Return every record below exactly; leave out the images.

[Saved entries]
══════

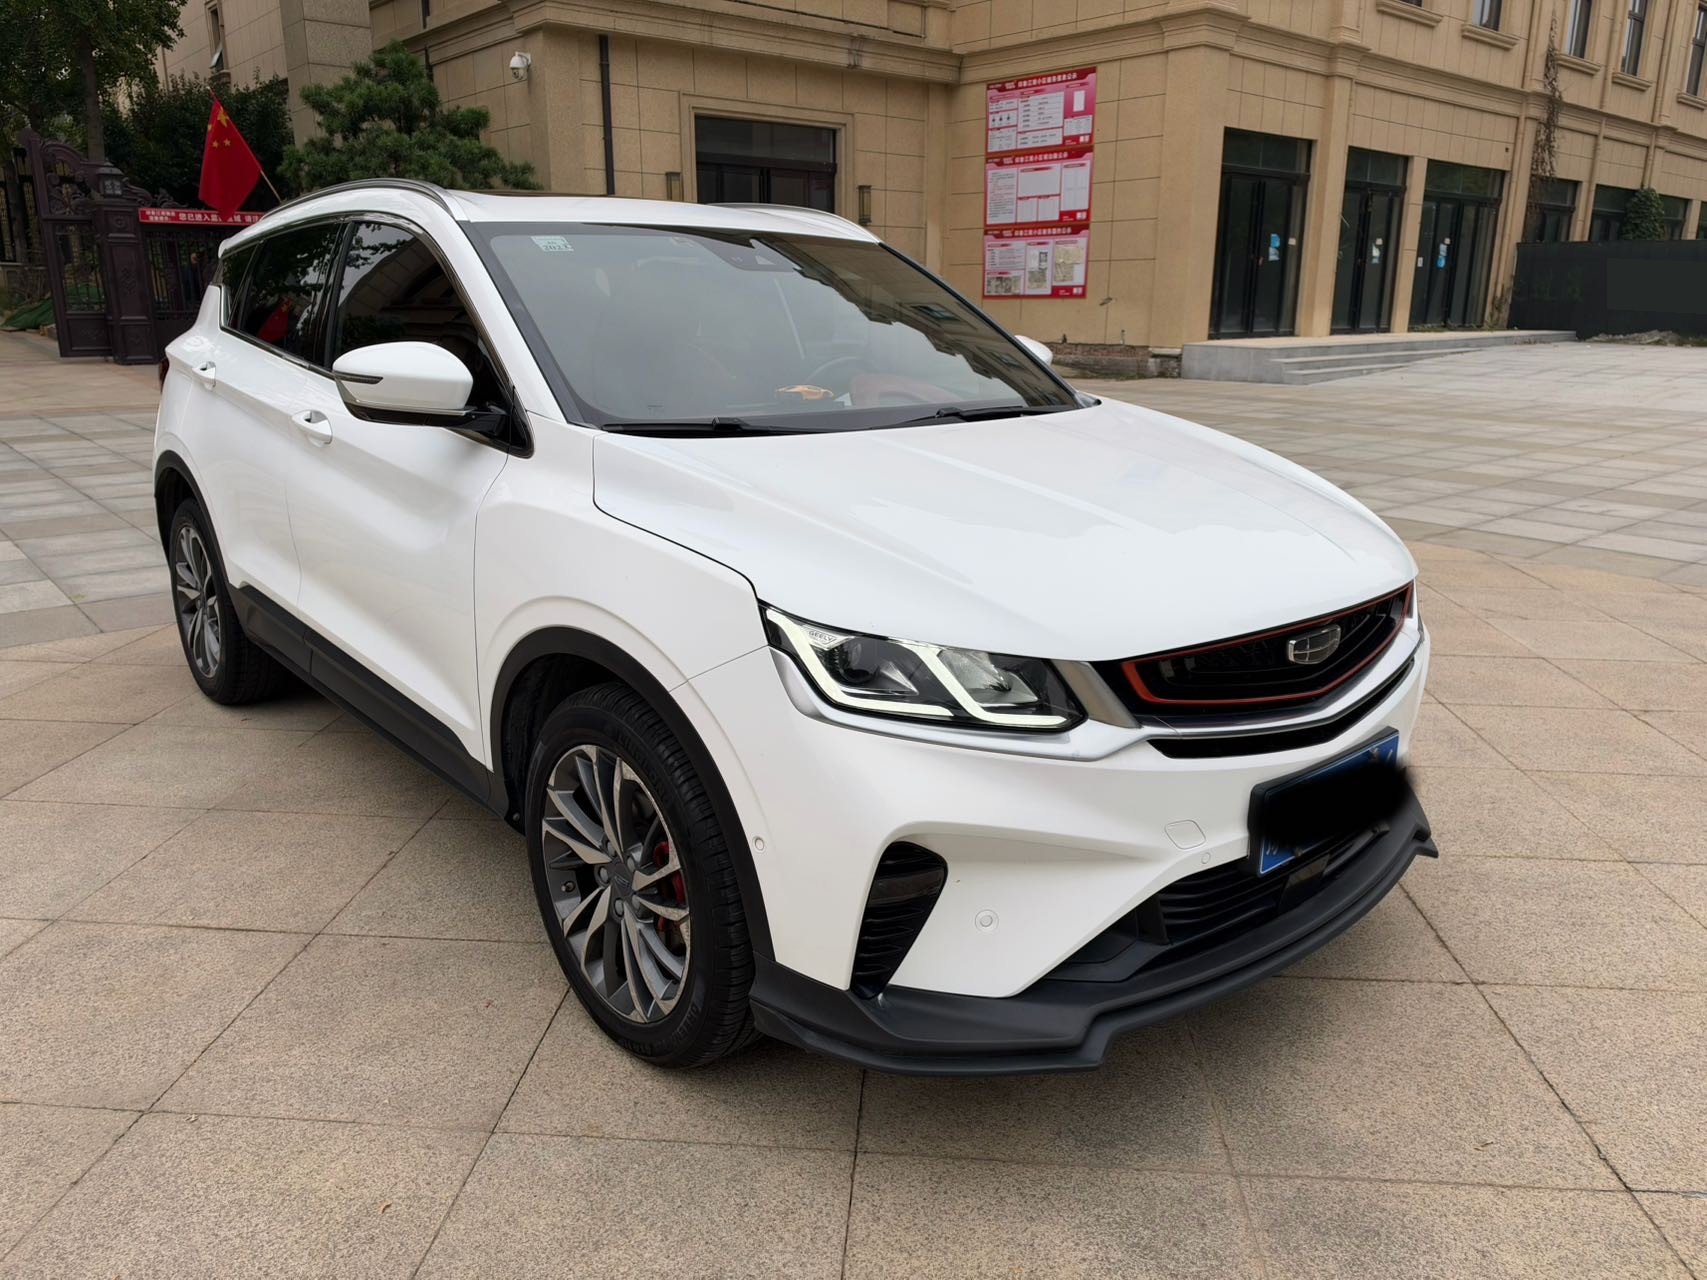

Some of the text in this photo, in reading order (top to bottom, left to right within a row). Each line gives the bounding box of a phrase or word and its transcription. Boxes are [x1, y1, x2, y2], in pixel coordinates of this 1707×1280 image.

[179, 212, 242, 222] 您已进入监域
[809, 630, 833, 641] GEELY
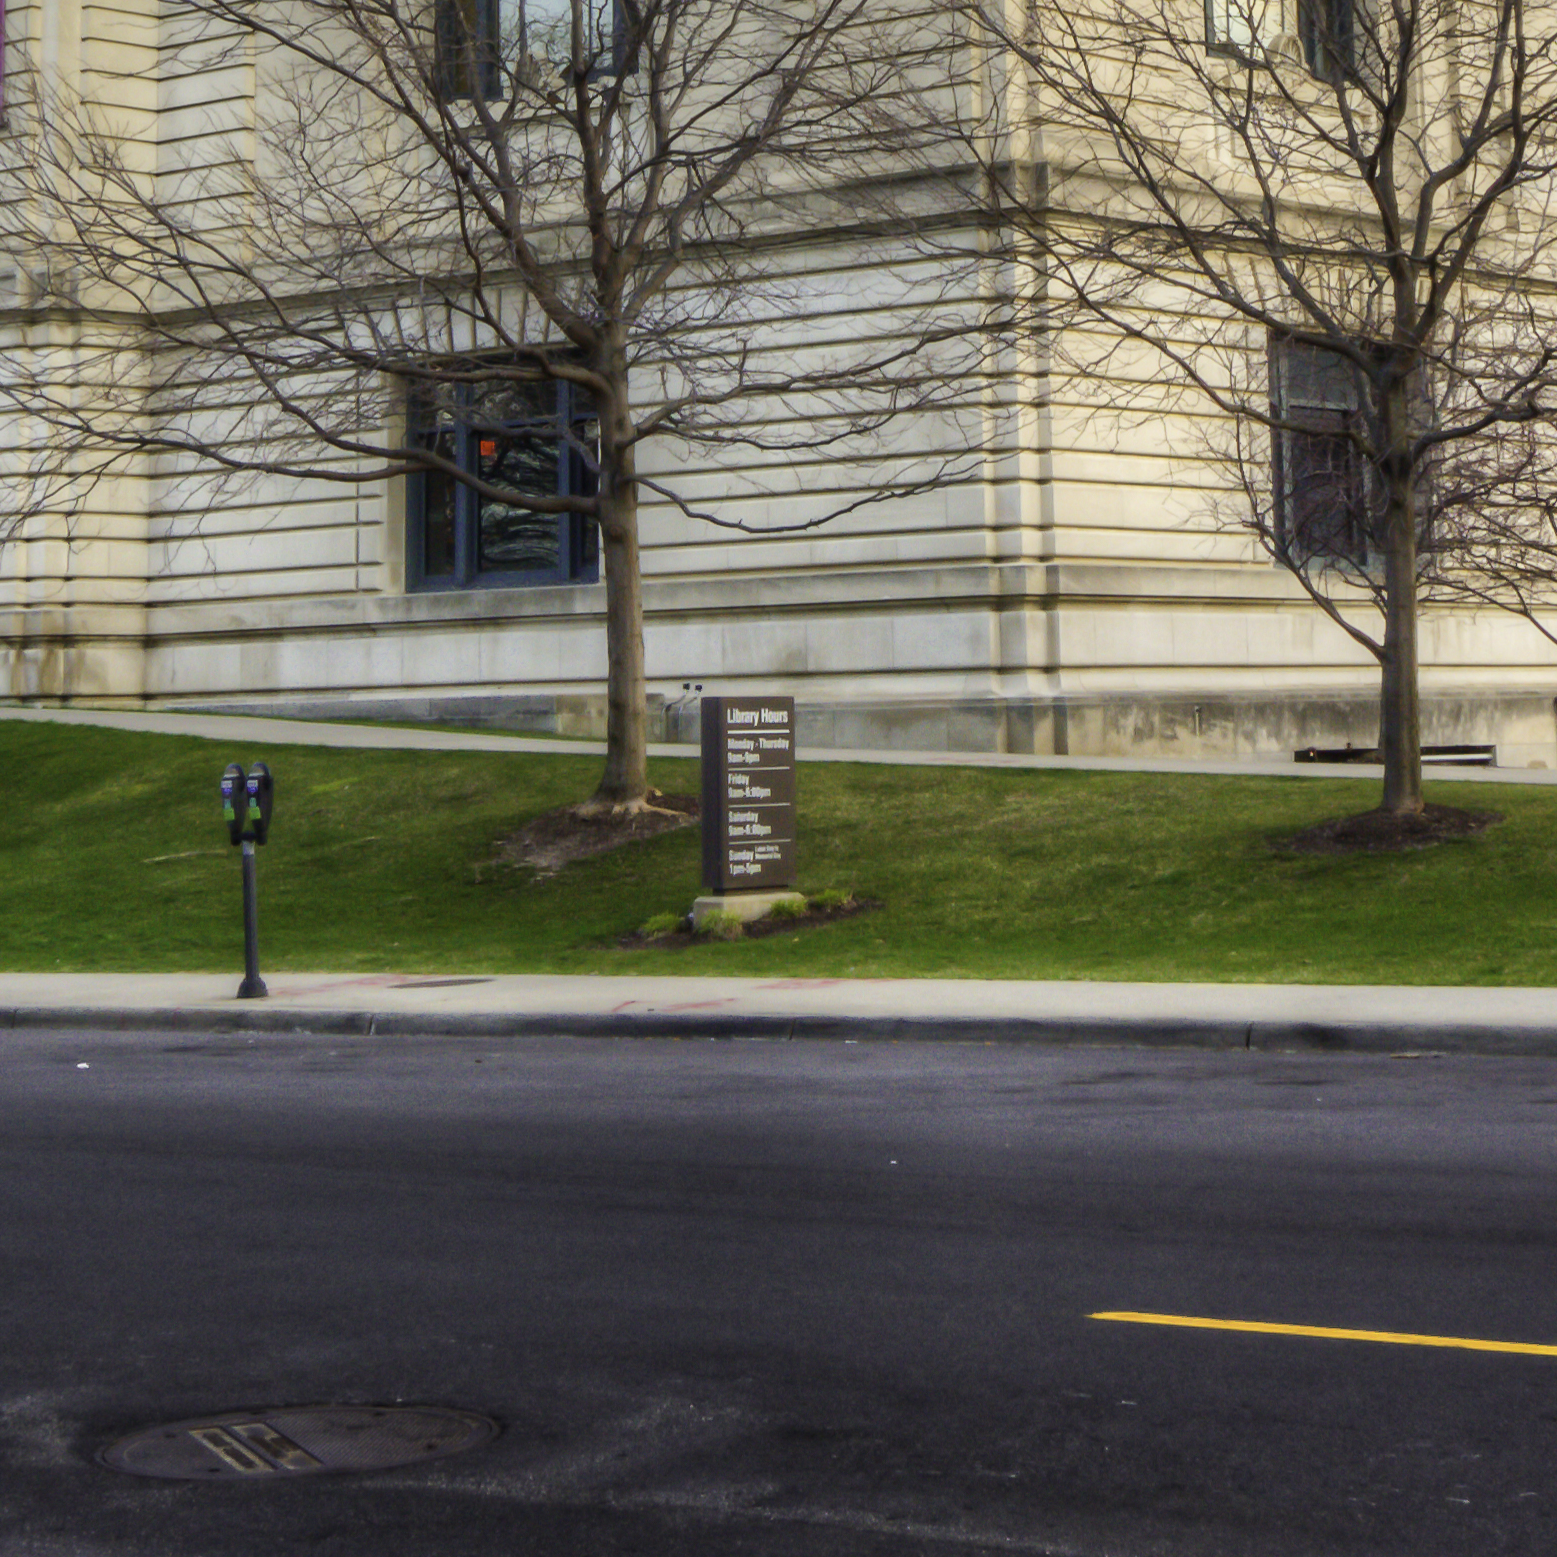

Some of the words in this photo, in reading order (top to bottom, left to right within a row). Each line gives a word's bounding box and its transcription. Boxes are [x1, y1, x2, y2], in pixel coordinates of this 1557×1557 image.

[727, 708, 759, 727] Library
[761, 708, 788, 723] Hours
[759, 738, 789, 751] Thursday
[728, 773, 749, 786] Friday
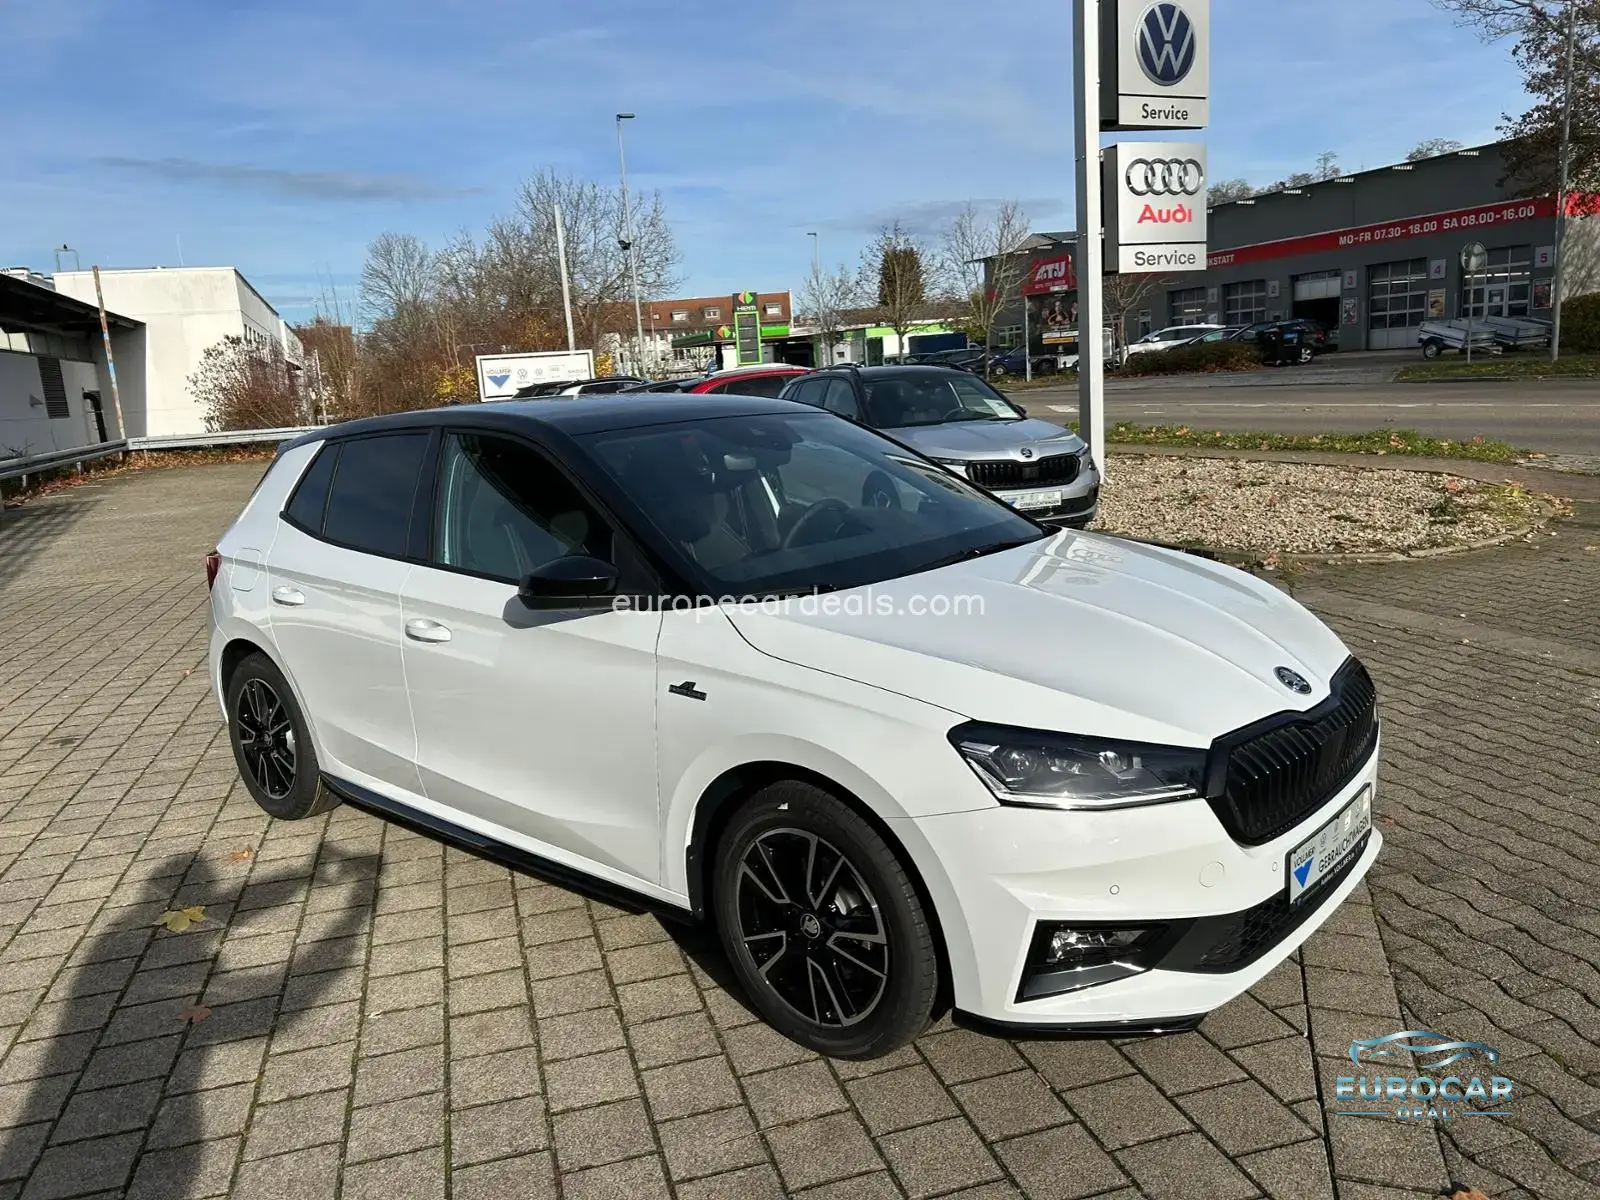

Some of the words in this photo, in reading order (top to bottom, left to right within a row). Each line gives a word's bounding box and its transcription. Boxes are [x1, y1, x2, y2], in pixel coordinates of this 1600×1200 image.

[1141, 103, 1189, 121] Service
[1137, 204, 1192, 224] Audi
[1339, 231, 1372, 246] MO-FR
[1442, 217, 1458, 230] SA
[1134, 249, 1196, 267] Service
[1540, 252, 1548, 263] 5
[1432, 264, 1441, 274] 4
[1318, 815, 1369, 873] GEBRAUCHTWAGEN
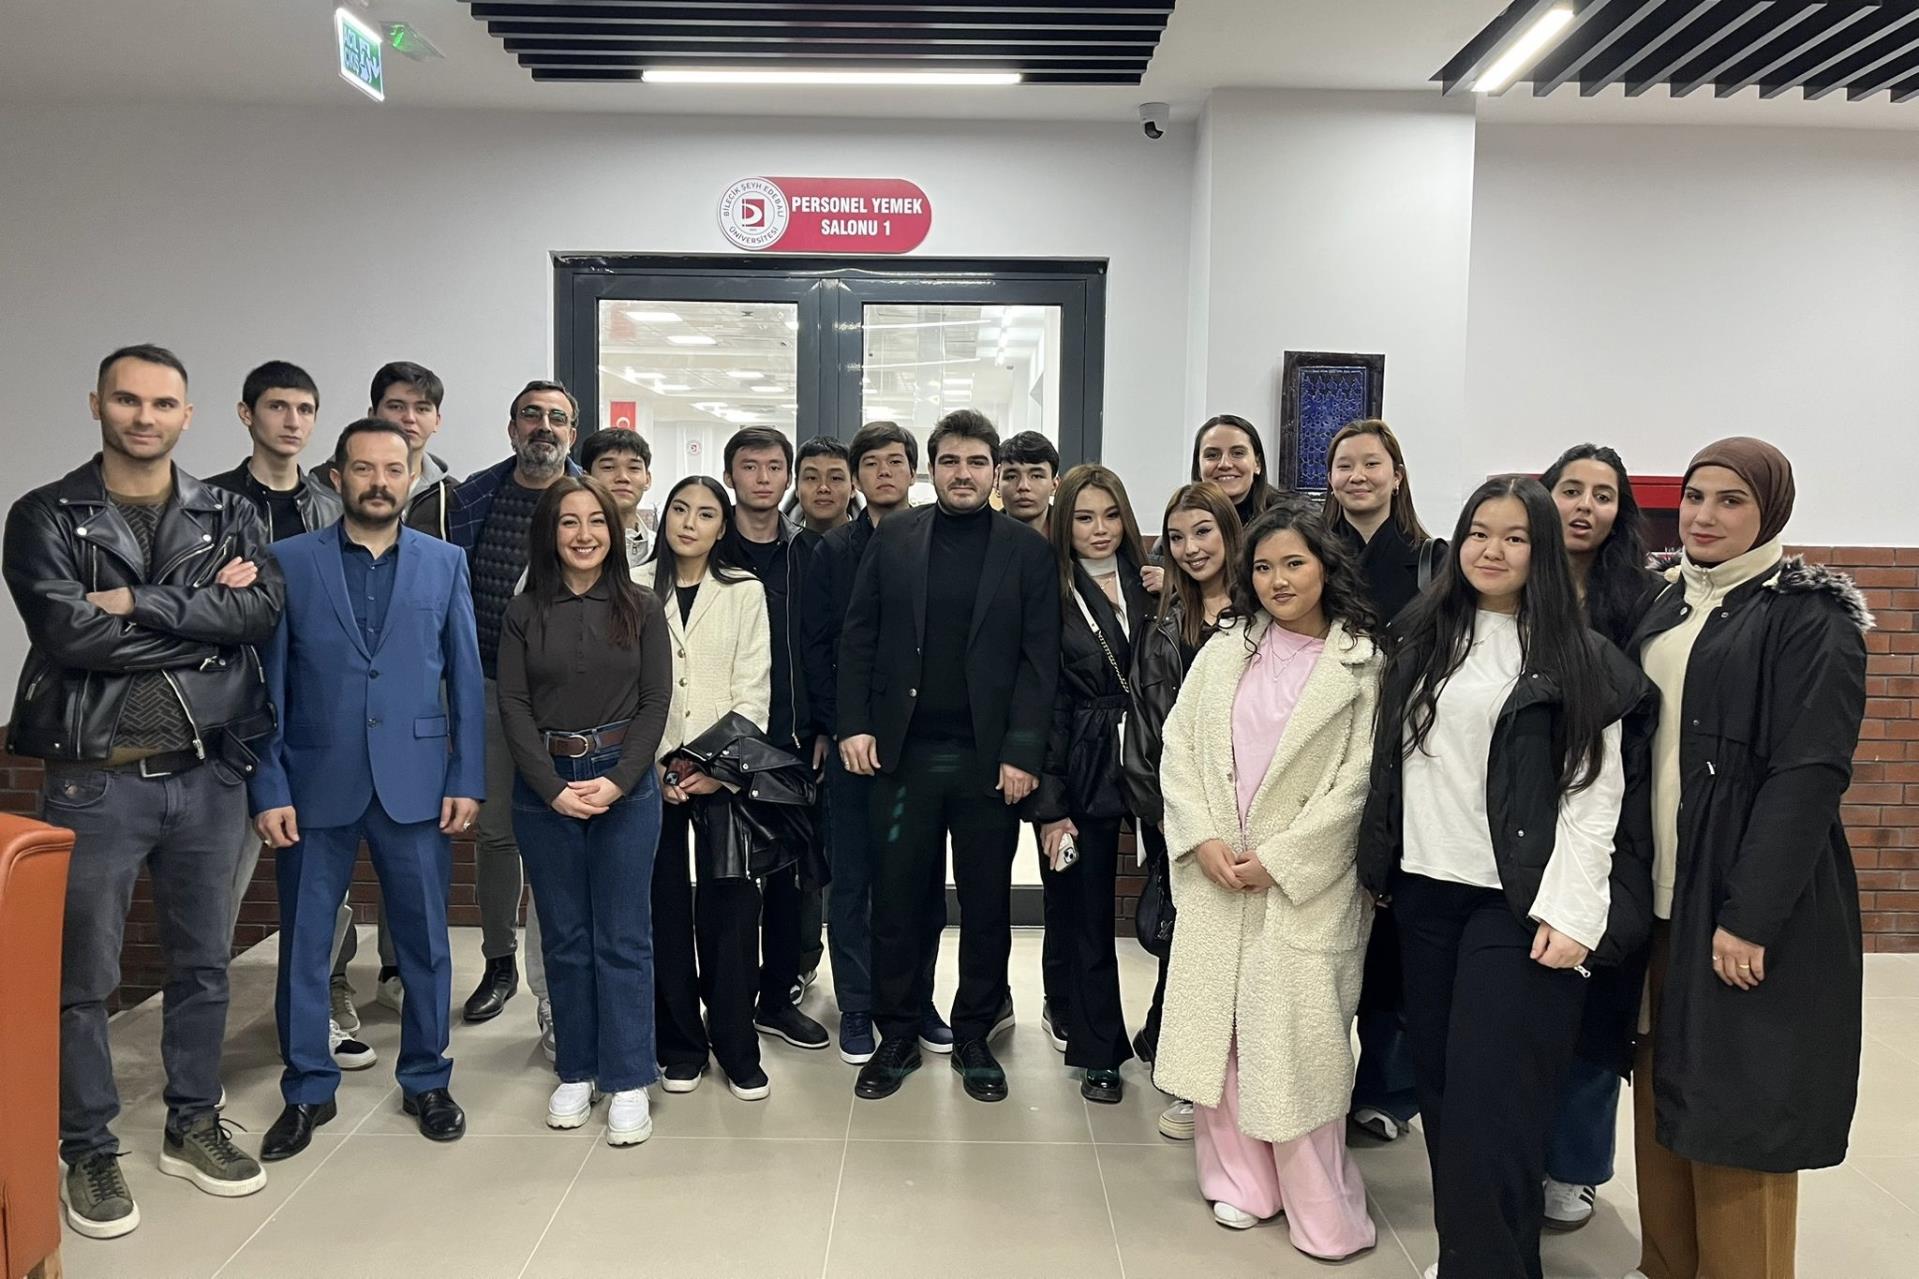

══════

| Response |
Some of the text in this photo, in reading order (top to bottom, left to right within a row). Each line gives the bounding box of a phrase or word and its transcription. Boxes are [x1, y1, x2, y2], in pixel coordinates of this 1707×1280 image.

[179, 212, 242, 222] 您已进入监域
[809, 630, 833, 641] GEELY

Some of the words in this photo, in reading order (top to bottom, left to right within a row). Each line gives a word's bounding box and its transcription. Boxes are [x1, y1, x2, y2], in pixel coordinates of this 1557×1557 image.

[727, 708, 759, 727] Library
[761, 708, 788, 723] Hours
[759, 738, 789, 751] Thursday
[728, 773, 749, 786] Friday

Some of the words in this photo, in reading order (top to bottom, left to right within a row). Each line gives a word's bounding box and its transcription. Boxes are [x1, y1, x2, y2], in pixel coordinates of this 1600×1200 image.

[1141, 103, 1189, 121] Service
[1137, 204, 1192, 224] Audi
[1339, 231, 1372, 246] MO-FR
[1442, 217, 1458, 230] SA
[1134, 249, 1196, 267] Service
[1540, 252, 1548, 263] 5
[1432, 264, 1441, 274] 4
[1318, 815, 1369, 873] GEBRAUCHTWAGEN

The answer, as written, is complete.